Commenting on the present China-Arabic relationship, Mohammed A. J. Alshafee, Assistant Head of the mission of the League of Arab States to China told Xinhua it was a "solid strategic partnership".

"It is based on cooperation in political, economic and cultural sectors. The complementary economic, trade and investment ties can boost the strategic collaboration between two sides," he said.

China has signed bilateral economic, trade and technology agreements with 21 Arab countries and signed treaties for promotion and protection of investment with 16 Arab countries.

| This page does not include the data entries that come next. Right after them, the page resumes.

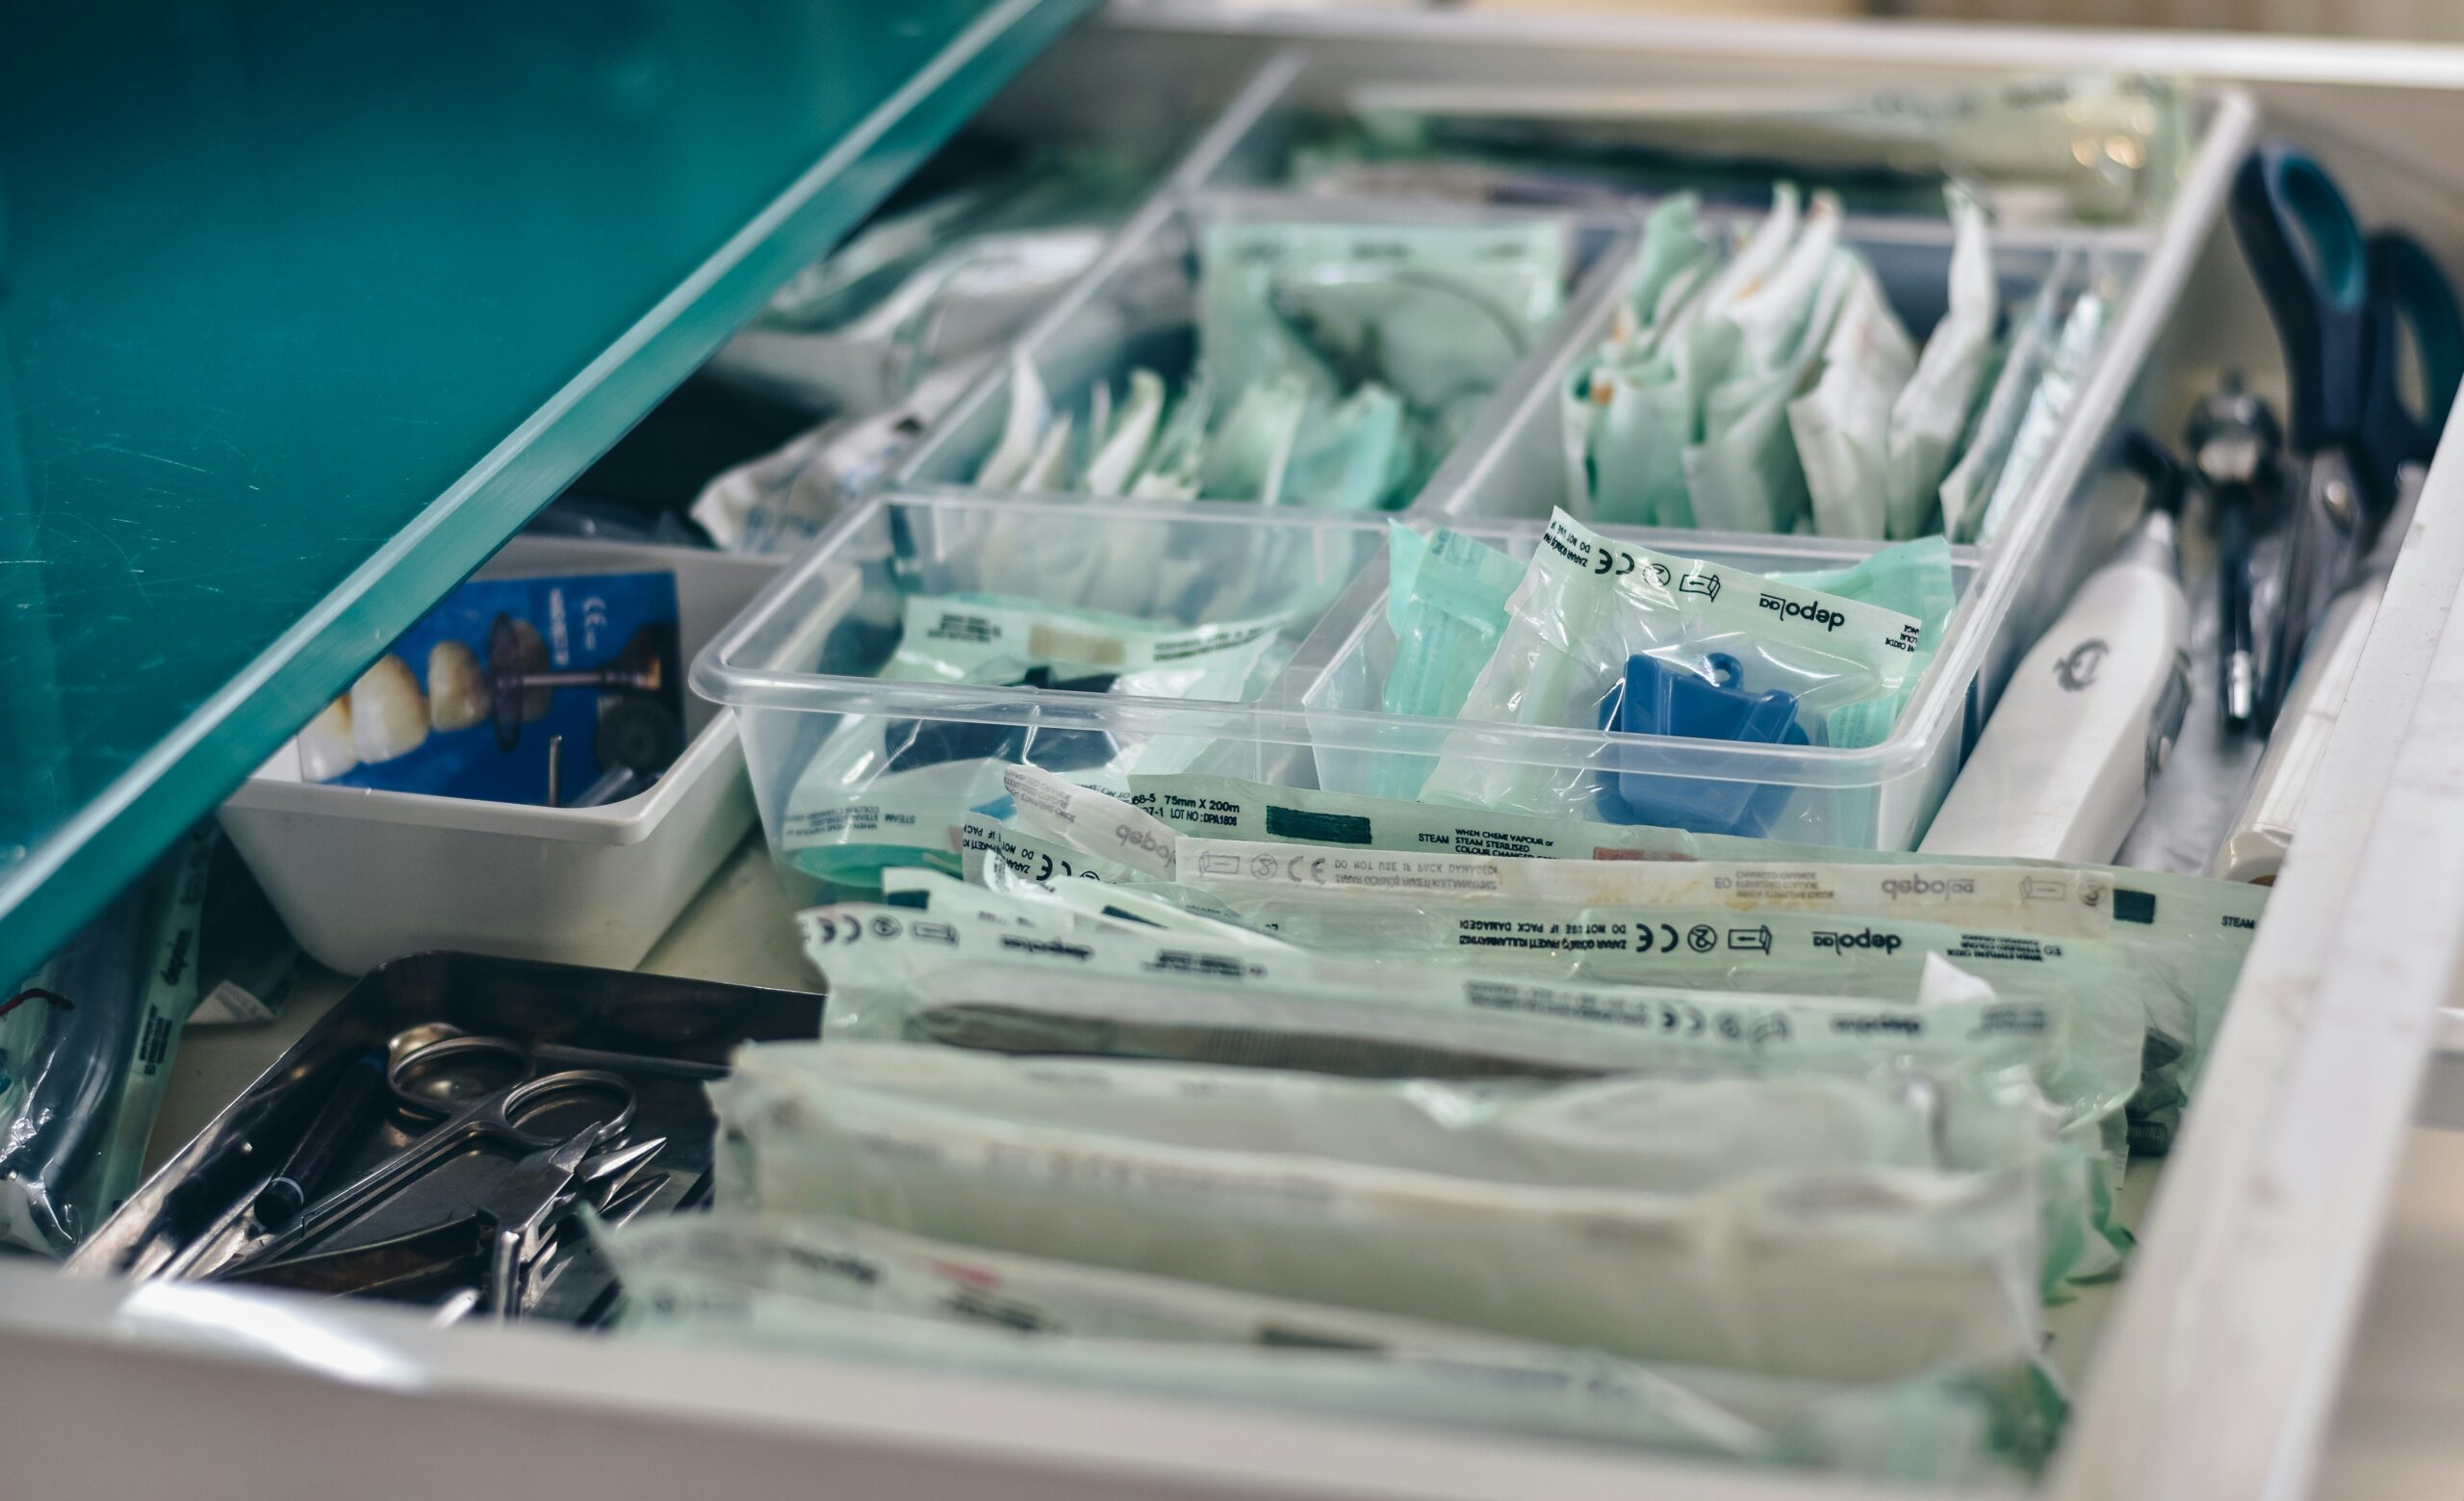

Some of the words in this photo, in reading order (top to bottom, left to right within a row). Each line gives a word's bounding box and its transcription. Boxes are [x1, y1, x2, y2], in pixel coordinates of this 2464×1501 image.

[1579, 541, 1591, 554] DO
[1164, 794, 1196, 808] 75mm
[1199, 798, 1207, 810] X
[1209, 800, 1240, 813] 200m
[1170, 809, 1184, 819] LOT
[1186, 811, 1198, 821] NO
[1419, 833, 1449, 844] STEAM
[1455, 828, 1479, 838] WHEN
[1510, 834, 1543, 845] VAPOUR
[1455, 837, 1482, 846] STEAM
[1021, 848, 1035, 860] DO
[1455, 845, 1491, 856] COLOUR
[1517, 922, 1544, 934] PACK
[1550, 923, 1559, 934] IF
[2220, 915, 2255, 930] STEAM
[1586, 923, 1606, 935] NOT
[1611, 923, 1627, 935] DO
[1597, 939, 1627, 950] ZARAR
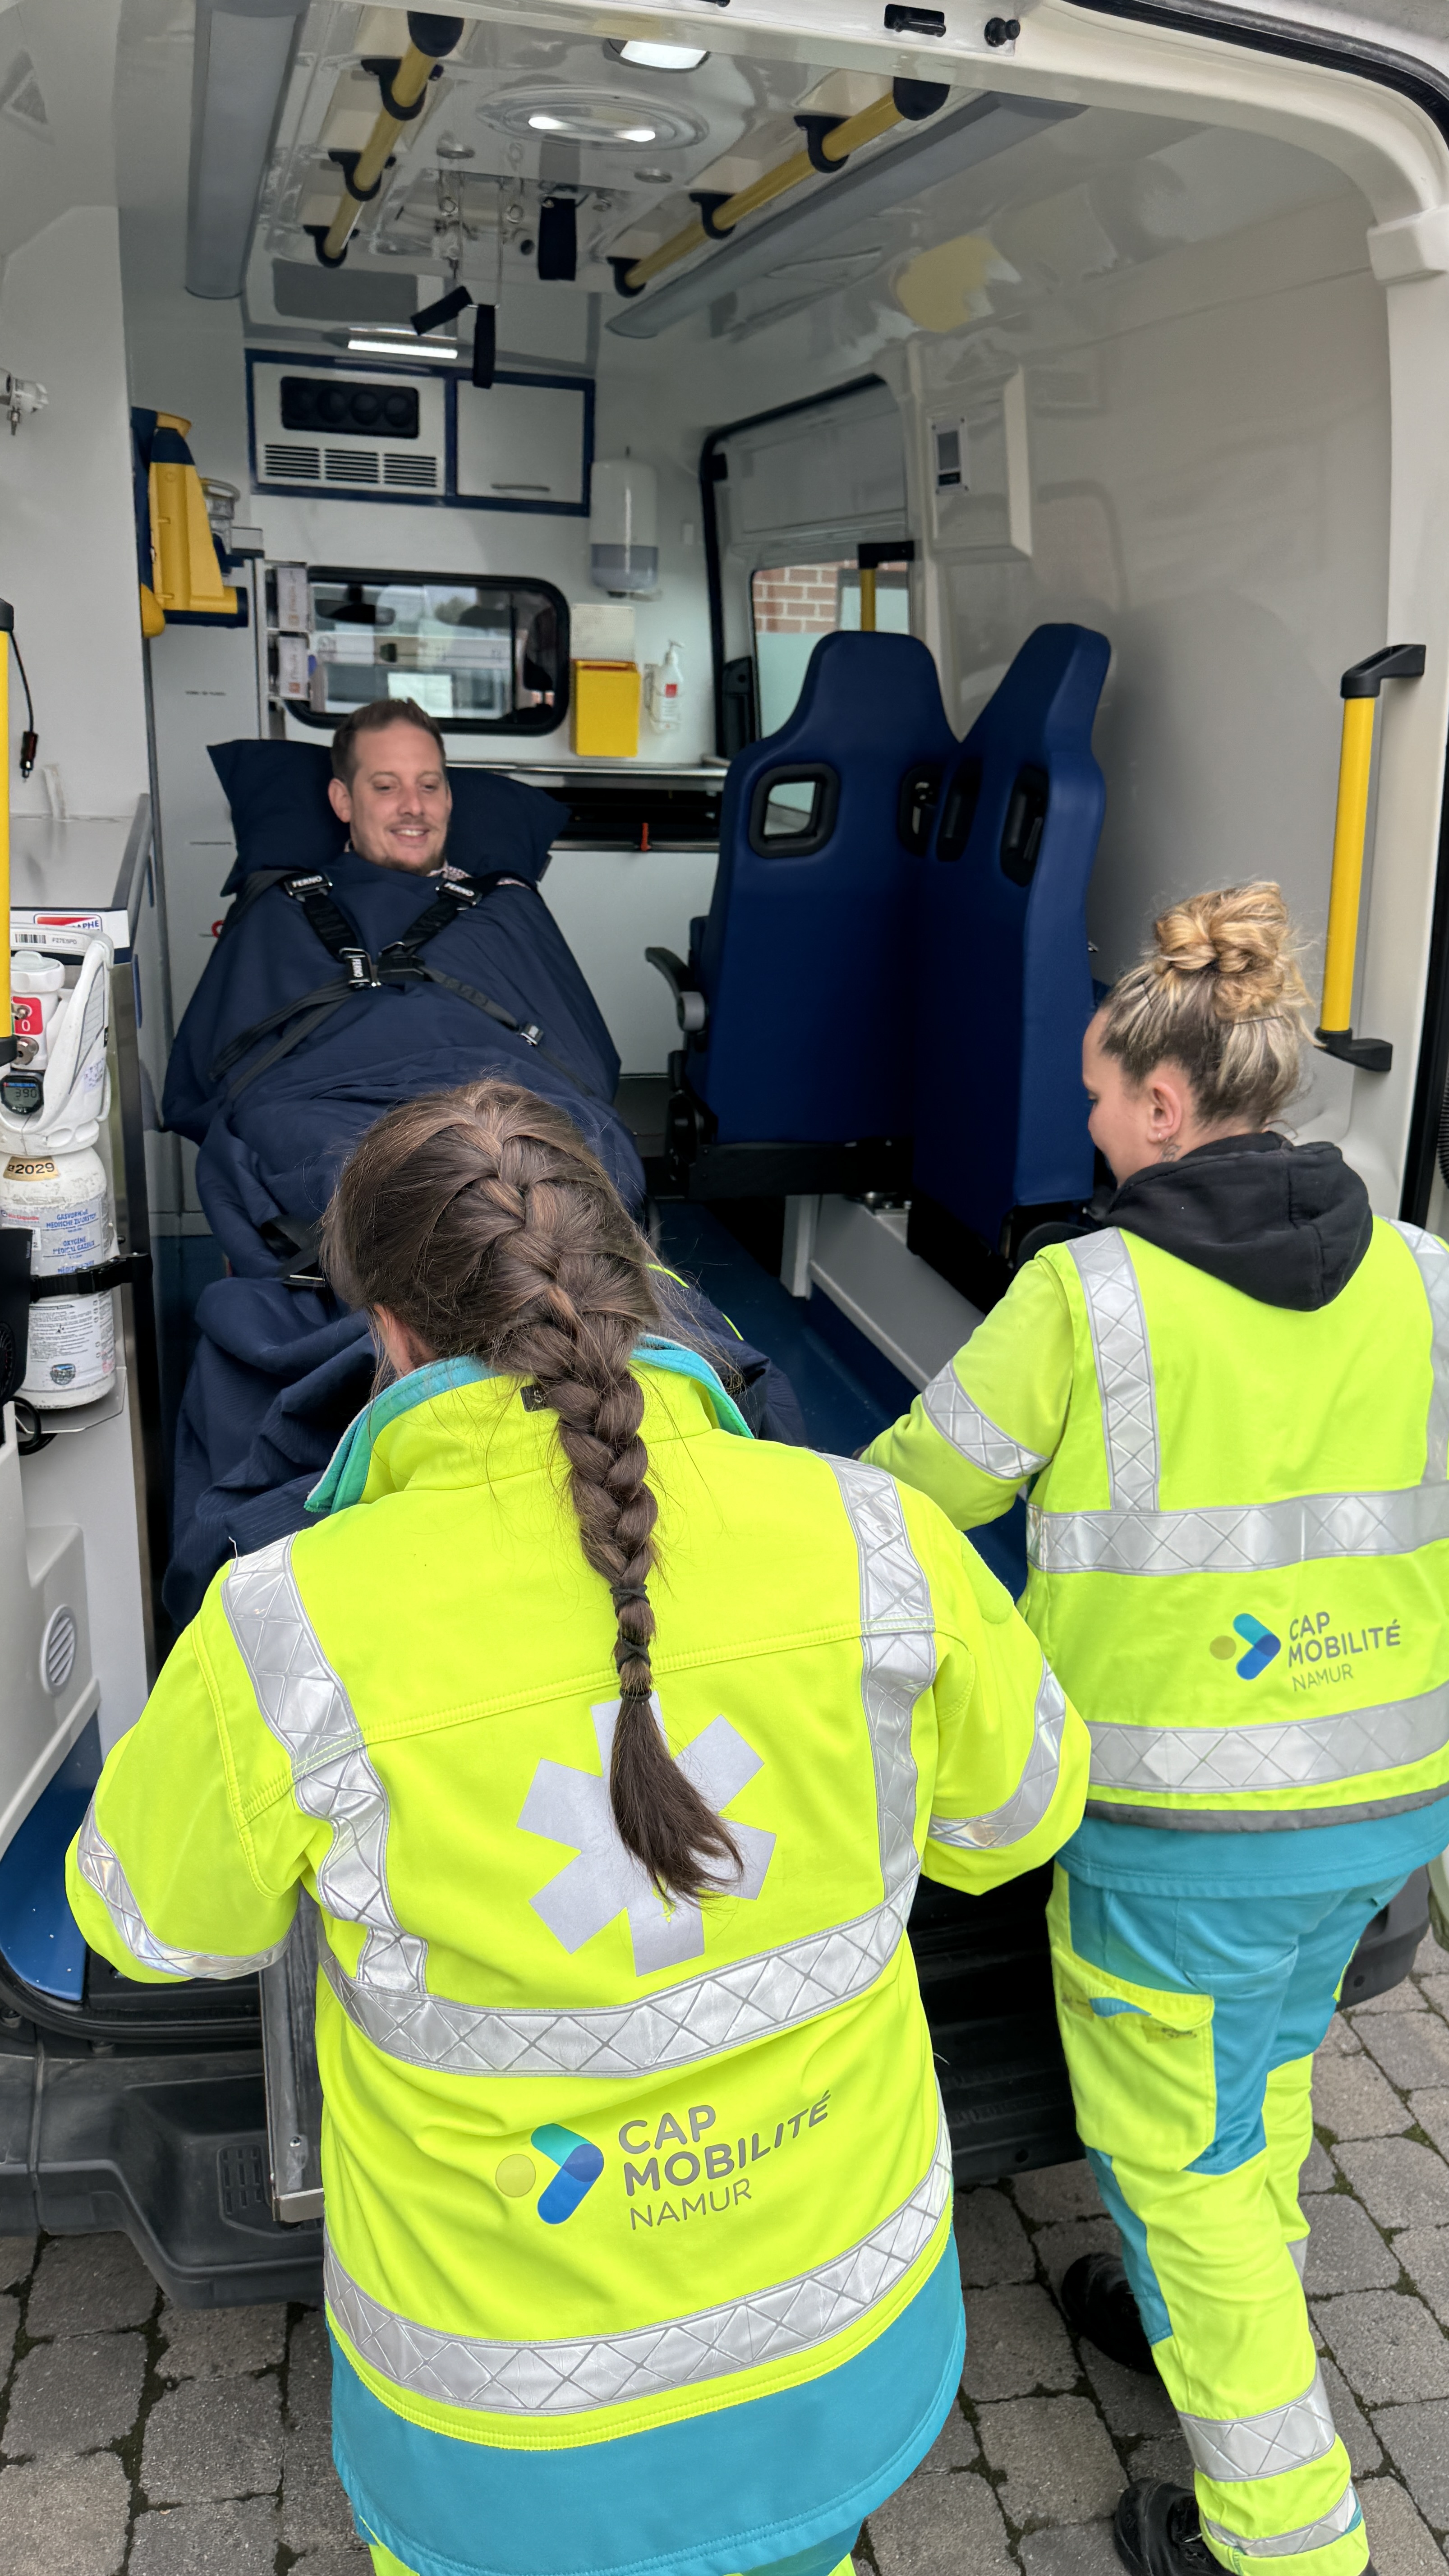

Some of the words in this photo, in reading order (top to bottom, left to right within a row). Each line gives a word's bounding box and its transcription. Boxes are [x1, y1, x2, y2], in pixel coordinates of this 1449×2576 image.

[15, 1163, 55, 1174] 2029
[1288, 1611, 1330, 1641] CAP
[1288, 1619, 1401, 1668] MOBILITÉ
[1292, 1663, 1354, 1693] NAMUR
[618, 2105, 716, 2155] CAP
[623, 2089, 832, 2197] MOBILITÉ
[630, 2178, 752, 2230] NAMUR

"The partnership with Arab countries in different economic sectors is congruent with China’s economic development strategy and also in line with the economic growth needs of the Arab countries," said Yin Gang, a researcher with the Chinese Academy of Social Sciences, a leading government think tank.

Yin held that economic cooperation on the basis of political mutual trust, cooperation in energy sector in particular, strengthened the broad partnership between two sides.

China is now the world’s second largest energy consumer, after years of dynamic economic growth, and its demands for energy and resources are still increasing. With the quick pace of domestic economic restructuring, more and more Chinese enterprises are eying going global.

The Arab world holds an important position in Chinese enterprises’ global strategies. By the end of this June, China has invested more than six billion U.S. dollars in Arab countries. Egypt alone has 352 Chinese-invested enterprises.

Chinese companies including PetroChina, the country’s largest oil producer and Sinopec, the country’s largest oil refiner, participated in a series of oil and gas exploration, production and processing projects in Saudi Arabia, Oman, the United Arab Emirates, Algeria, Sudan and Egypt.

China’s Haier Group has opened factories in Jordan, Tunis and Syria. China’s Chery Auto has set up a joint car assembly plant in Jordan. Tianjin Cement Industry Design and Research Institute secured a cement production line contract worth 370 million U.S. dollars in Egypt this June.

"Overseas investment has not only eased the pressure of excess production capacity in home, but also created jobs in these Arab countries," commented Yin.

The Arab world has invested around one billion U.S. dollars in China by the end of this June, focusing on the petrochemical, light industry, construction materials and real estate sectors.

Qingdao Lidong Chemical Company, an Omani-Chinese-Korean joint venture based in the eastern Shandong Province with a total investment of nearly 600 million U.S. dollars, started production this May.

Sinopec, Saudi Aramco and U.S. ExxonMobil signed a joint venture contract this February to process sour crude oil in southeastern China’s Fujian Province, which would start operation in 2009, with an output of 240,000 barrels per day.

"We believe that China has become a strategic economic partner of the Arab world and we are confident that the Sino-Egyptian relations and Sino-Arabic relations would have a bright future," Marwan Rahal, head of the Press and Information Office of the Egyptian Embassy to China, told Xinhua.